Однажды ночью слон подал свой полный голос. Он разбудил всех. Зарычали медведи, рявкнул лев, и вой волков слился с криком взметнувшихся птиц. Служитель прибежал, ругаясь, к клетке слона.
— Чего орешь? Тут тебе не Индия. Молчать, а то вот!
Он вбежал в клетку, протягивая крючок. Но слон, эта серая неподвижная груда, схватил ненавистного человека с такой быстротой, что тот не успел даже крикнуть. Хобот выбросил его из клетки, как муху, как клочок сена.
А слон бешено трубил, и страшный звук, неслыханный в городе, наполнял весь сад, несся по улицам.
Около клетки суетились: поднимали служителя, упавшего счастливо в кусты.
— Что случилось, Джолли? — кричали взволнованные голоса.
Как будто он мог что-нибудь ответить! Почувствовал ли слон, что он достиг расцвета могучих сил, что пришла пора ему крикнуть, как кричат его сверстники во мраке джунглей? Вспомнил ли, увидел ли он во сне ту страшную ночь плена, дым факелов и дикий крик? Или заболела спина, ушибленная тогда деревом?
Утром его каменно-прозрачные глаза по-прежнему спокойно посматривали на зрителей. Он принимал деньги и как ни в чем не бывало покупал на них картофель у нового служителя.
Этот не ругался никогда, не курил (этого Джолли терпеть не мог), говорил ровным тихим голосом. И слон скоро стал понимать каждое его слово. Правую или левую ногу поднять? Показывать не надо, — достаточно сказать: порядочный слон знает, где право, где лево. Подвинуться на шаг, на два? Это как угодно. Взять человека на спину? Можно, очень просто, вот! Уйти совсем, к себе в слоновью комнату? Извольте!
— С Джолли дело неладно, — сказал, придя в контору зоопарка, служитель, — он по ночам плачет и все на спине у себя чего-то ищет.
Вот чепуха, вот выдумки! Плачет слон? Что же может быть у него на спине?
Собрали врачей, осмотрели драгоценное животное со всех сторон от хвоста до конца хобота, где шевелится странно нежный палец. Слон ложился, переворачивался с боку на бок, показывал подошвы и сгибы всех четырех ног. По серой спине ходили, стучали кулаками, ногами, становились на нее сразу четверо. Все в порядке. Здоров слон. Вдруг страшный рев опять взбудоражил ночь.

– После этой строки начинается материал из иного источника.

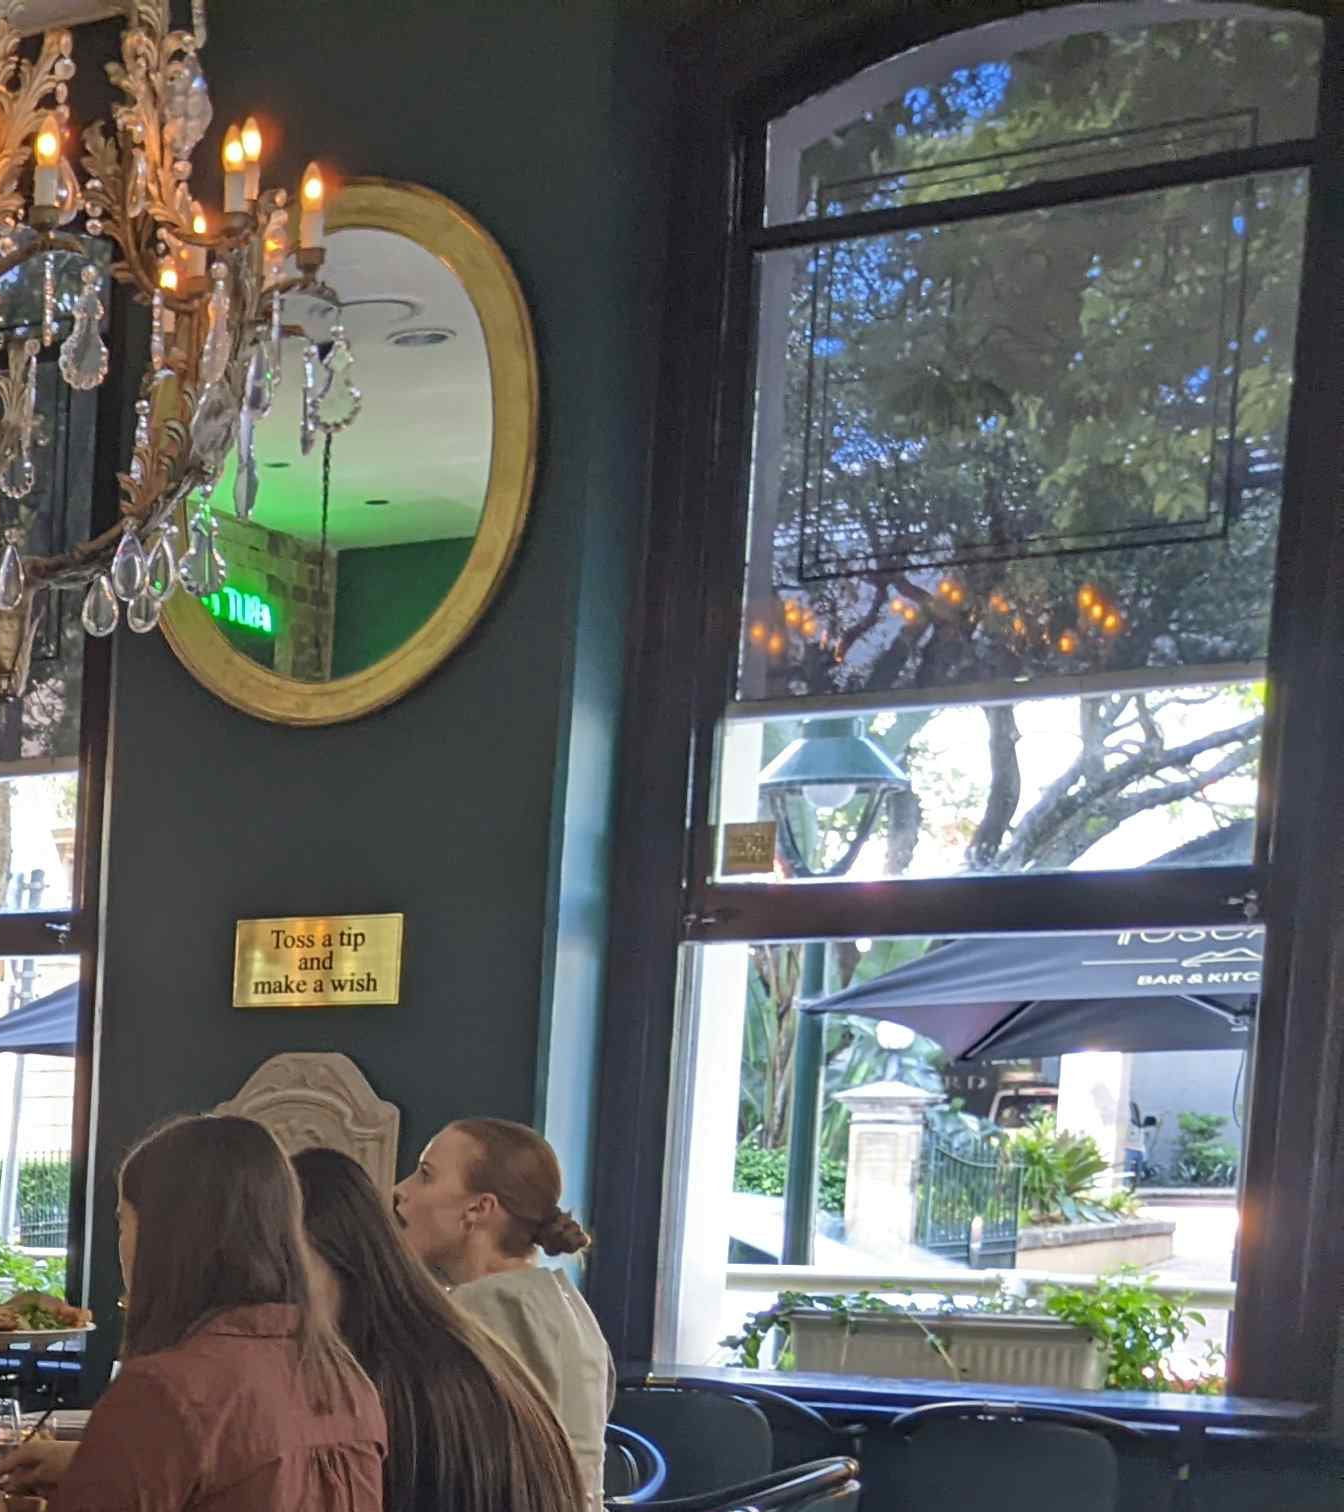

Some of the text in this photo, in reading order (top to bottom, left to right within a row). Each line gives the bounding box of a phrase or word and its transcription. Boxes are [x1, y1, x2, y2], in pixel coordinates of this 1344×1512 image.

[271, 927, 366, 952] Toss a tip
[297, 951, 333, 971] and
[253, 972, 378, 995] make a wish
[1136, 973, 1184, 986] BAR
[1186, 972, 1203, 984] &

— Друг ты мой милый, — говорил, держась за хобот, человек, — что с тобой? Вот беда. Ты все понимаешь, тебя не понять.
А слон сидел и трубил. В джунглях слоны трубят, когда зовут на смертный бой соперников. Тут драться было не с кем, но слон видел перед собой смерть: задние ноги его не действовали. Он отказался от корма.
— Да ты хоть выпей, — уговаривал друг, — ну выпей чуточку, Джоллинька.

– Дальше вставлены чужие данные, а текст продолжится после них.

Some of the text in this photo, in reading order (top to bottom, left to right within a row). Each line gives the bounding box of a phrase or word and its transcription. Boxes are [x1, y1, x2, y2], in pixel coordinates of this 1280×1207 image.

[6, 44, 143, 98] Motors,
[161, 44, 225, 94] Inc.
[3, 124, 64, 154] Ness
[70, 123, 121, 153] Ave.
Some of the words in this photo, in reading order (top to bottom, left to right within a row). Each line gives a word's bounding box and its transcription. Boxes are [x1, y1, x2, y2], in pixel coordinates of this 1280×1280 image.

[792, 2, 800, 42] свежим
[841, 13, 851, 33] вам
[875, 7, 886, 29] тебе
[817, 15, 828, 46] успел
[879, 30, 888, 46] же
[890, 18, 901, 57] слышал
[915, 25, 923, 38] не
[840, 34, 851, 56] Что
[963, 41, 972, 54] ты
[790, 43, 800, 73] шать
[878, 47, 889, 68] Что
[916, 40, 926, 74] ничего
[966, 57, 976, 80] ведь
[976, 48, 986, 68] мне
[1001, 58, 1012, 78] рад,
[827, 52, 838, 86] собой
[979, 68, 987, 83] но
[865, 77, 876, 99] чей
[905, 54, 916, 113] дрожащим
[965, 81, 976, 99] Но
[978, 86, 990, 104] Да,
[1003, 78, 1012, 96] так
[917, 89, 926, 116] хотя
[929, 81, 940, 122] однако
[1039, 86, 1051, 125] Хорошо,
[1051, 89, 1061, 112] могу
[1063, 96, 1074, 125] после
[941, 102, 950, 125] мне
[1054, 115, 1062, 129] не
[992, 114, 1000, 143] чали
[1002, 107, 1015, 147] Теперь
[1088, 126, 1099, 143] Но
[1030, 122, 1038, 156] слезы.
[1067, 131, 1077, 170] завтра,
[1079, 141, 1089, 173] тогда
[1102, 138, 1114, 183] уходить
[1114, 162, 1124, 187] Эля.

И подставлял ведро. Но слон только дул на воду. К вечеру он стал на колени, простоял так часа два и повалился на бок. Тучи мух вились над ним.
— Пролежни образовались, — сказал врач, — везде, где складки кожи, у него раны. Жарко. Тяжесть страшная. Спасенья нет; надо его усыпить.
Слон лежал спокойно. Недвижно каменный глаз его, прозрачный и светлый, не отрываясь смотрел на человека, державшего его за хобот.
— Джоллинька, ну что уж тут, деваться некуда, прими лекарство, ну сделай милость, выпей для меня, — плача уговаривал друг.
Слон повернулся, тяжело волоча безжизненный зад, стал на колени, взял хоботом из рук друга бутылку и опрокинул ее себе в рот. Отбросив пустую, он вытянул хобот, и звук чудовищной трубы на миг задрожал в воздухе. Глаза слона закрылись; он дышал со свистом, и шум его дыхания заглушал жужжанье мух над серой тушей. Вдруг слышно стало только мух. Слон покачнулся и упал на бок мертвый.
— Франц пишет, что ему белого медведя за пять фунтов стерлингов предлагают.
— Значит, за полсотню рублей. Грошовая цена для медведя. Дохлого, что ли, продают?
— Англичане считают, что медведь скоро околеет, и сбывают его, а Франц надеется вылечить.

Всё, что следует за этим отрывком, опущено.